- [Work task]
Write out every entry, unchanged. Skip any picture.

····················

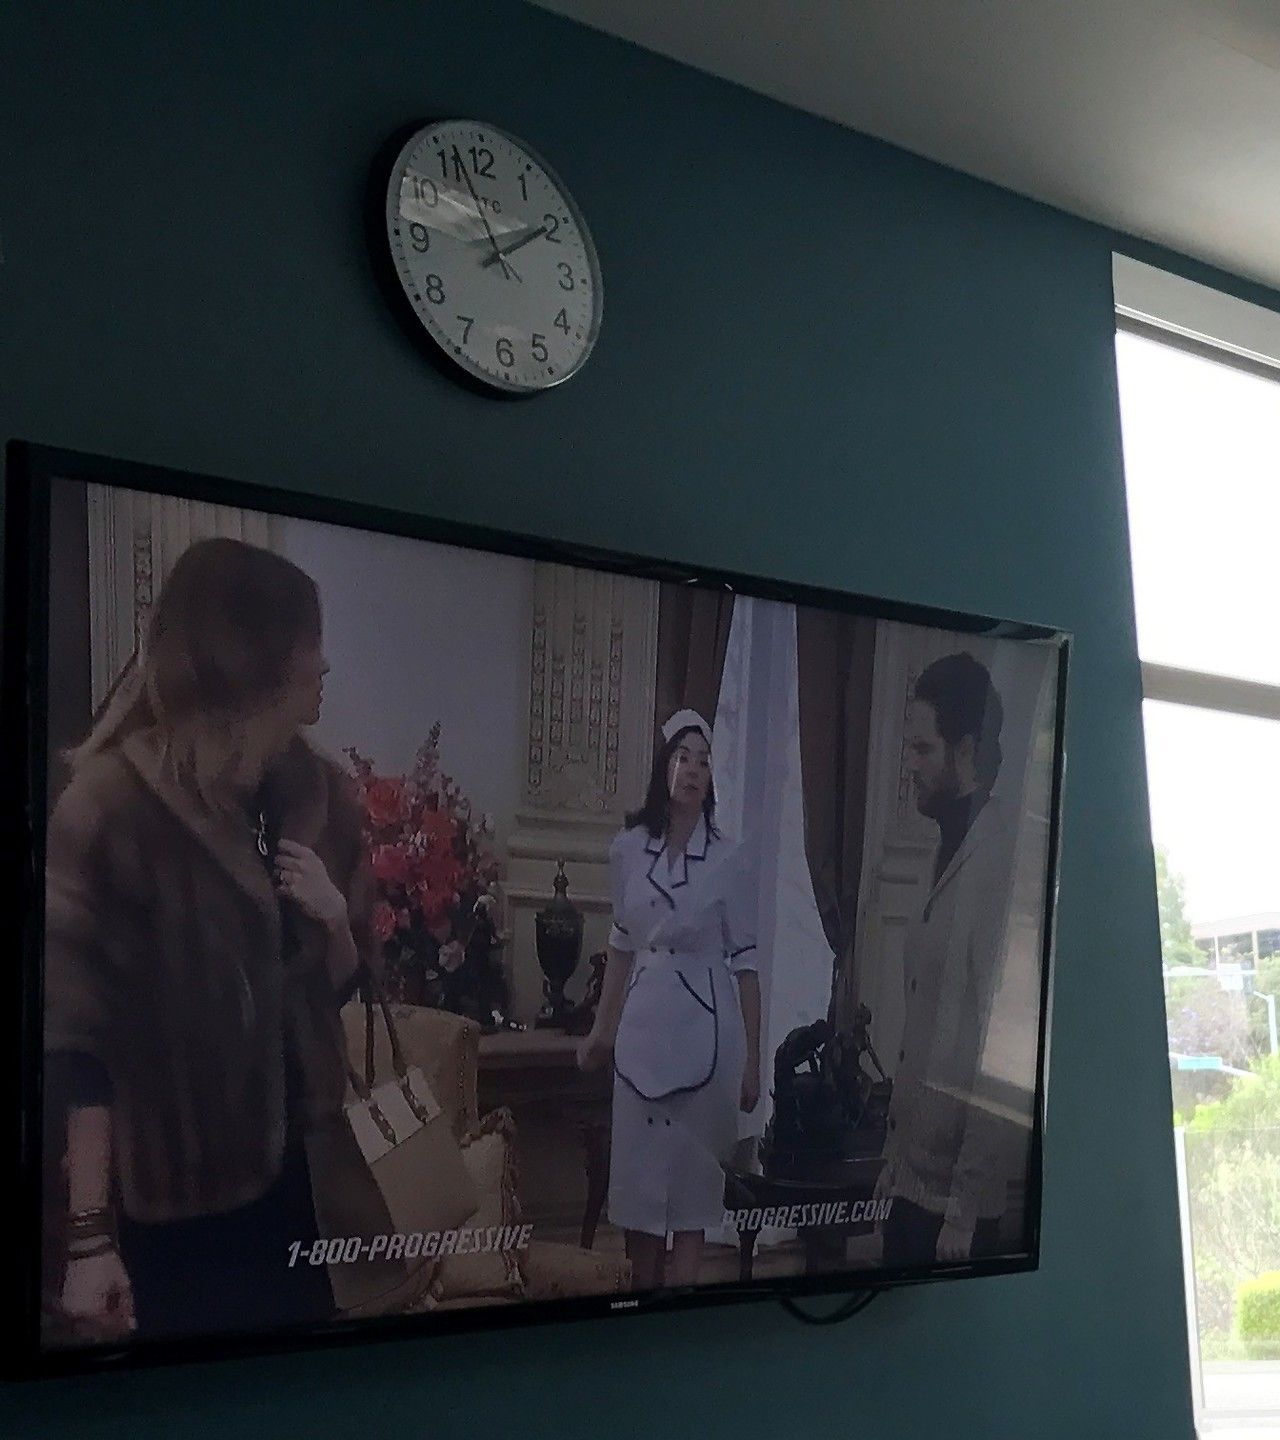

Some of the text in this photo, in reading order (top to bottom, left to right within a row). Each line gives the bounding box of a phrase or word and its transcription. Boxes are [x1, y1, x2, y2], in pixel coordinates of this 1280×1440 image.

[437, 149, 463, 182] 11
[469, 147, 496, 180] 12
[411, 176, 439, 208] 10
[517, 173, 528, 201] 1
[409, 222, 430, 253] 9
[543, 213, 562, 244] 2
[425, 274, 447, 305] 8
[556, 262, 575, 292] 3
[456, 315, 475, 345] 7
[554, 308, 571, 336] 4
[495, 337, 515, 368] 6
[531, 333, 549, 363] 5
[721, 1198, 894, 1232] PROGRESSIVE.COM
[288, 1223, 535, 1268] 1-800-PROGRESSIVE
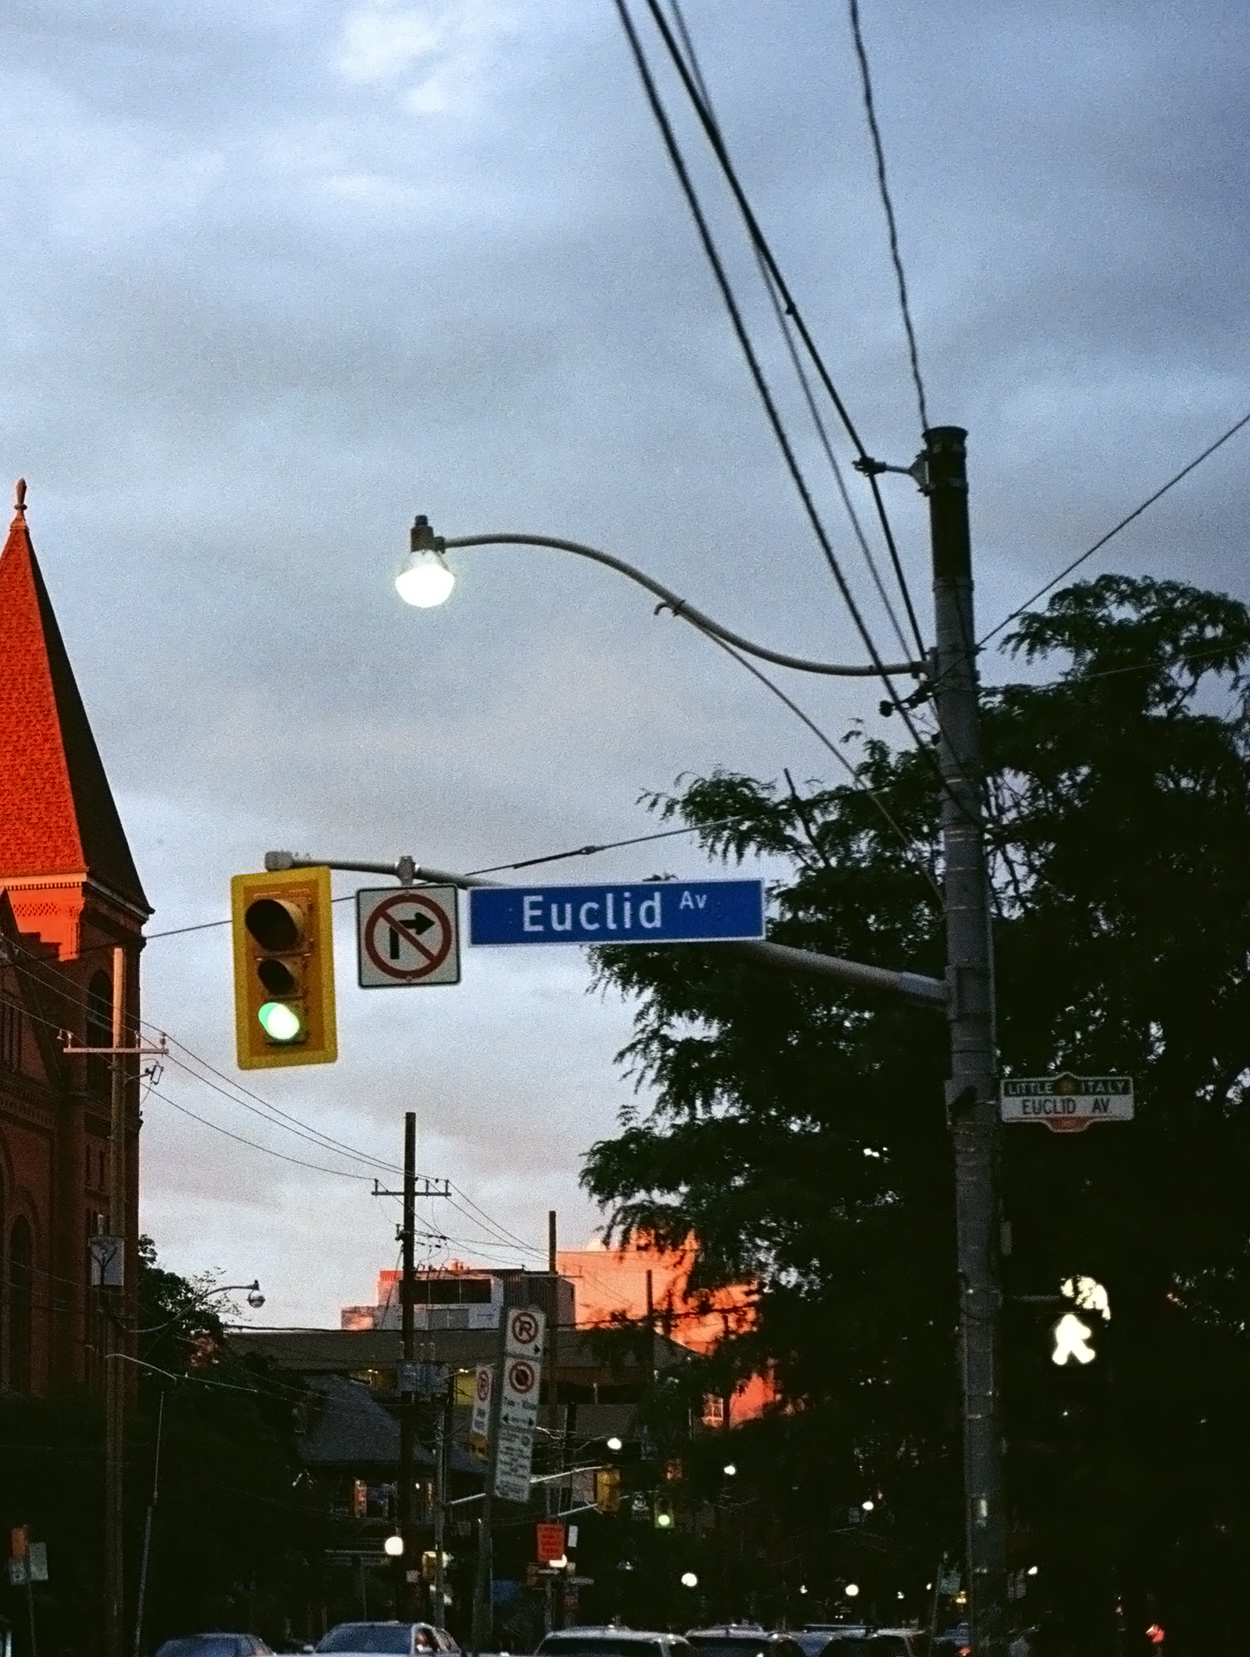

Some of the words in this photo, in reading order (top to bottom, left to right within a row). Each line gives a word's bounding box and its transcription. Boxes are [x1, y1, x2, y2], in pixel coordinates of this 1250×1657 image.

[523, 891, 663, 932] Euclid
[679, 890, 708, 910] Av
[1008, 1081, 1054, 1095] LITTLE
[1081, 1081, 1126, 1094] ITALY
[1021, 1098, 1077, 1115] EUCLID
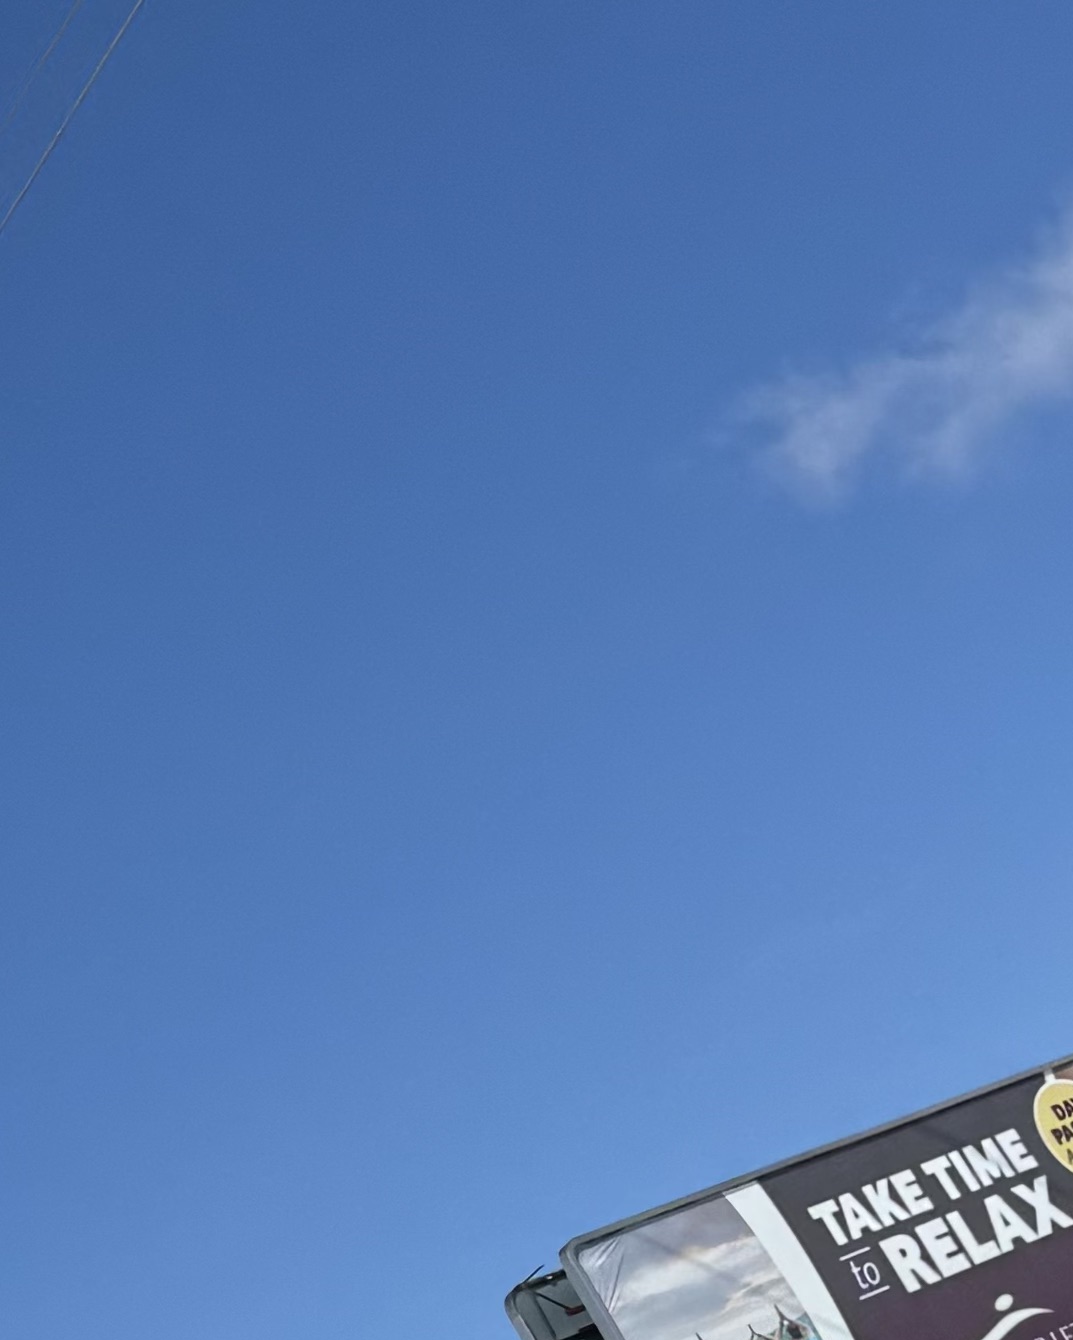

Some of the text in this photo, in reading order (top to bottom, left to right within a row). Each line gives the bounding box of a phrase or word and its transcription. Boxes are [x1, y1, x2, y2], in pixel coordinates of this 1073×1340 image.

[807, 1128, 1040, 1246] TAKE TIME
[850, 1260, 881, 1290] to

····················

- [Result of this exercise]
Some of the text in this photo, in reading order (top to bottom, left to right within a row). Each line gives the bounding box of a phrase or word and its transcription. Boxes are [x1, y1, x2, y2], in pixel coordinates of this 1280×1440 image.

[437, 149, 463, 182] 11
[469, 147, 496, 180] 12
[411, 176, 439, 208] 10
[517, 173, 528, 201] 1
[409, 222, 430, 253] 9
[543, 213, 562, 244] 2
[425, 274, 447, 305] 8
[556, 262, 575, 292] 3
[456, 315, 475, 345] 7
[554, 308, 571, 336] 4
[495, 337, 515, 368] 6
[531, 333, 549, 363] 5
[721, 1198, 894, 1232] PROGRESSIVE.COM
[288, 1223, 535, 1268] 1-800-PROGRESSIVE

Some of the words in this photo, in reading order (top to bottom, left to right within a row). Each line gives a word's bounding box and its transcription. Boxes are [x1, y1, x2, y2], in pixel coordinates of this 1250×1657 image.

[523, 891, 663, 932] Euclid
[679, 890, 708, 910] Av
[1008, 1081, 1054, 1095] LITTLE
[1081, 1081, 1126, 1094] ITALY
[1021, 1098, 1077, 1115] EUCLID

Some of the text in this photo, in reading order (top to bottom, left to right within a row). Each line gives the bounding box of a phrase or word and its transcription. Boxes are [x1, y1, x2, y2], in pixel coordinates of this 1073×1340 image.

[807, 1128, 1040, 1246] TAKE TIME
[850, 1260, 881, 1290] to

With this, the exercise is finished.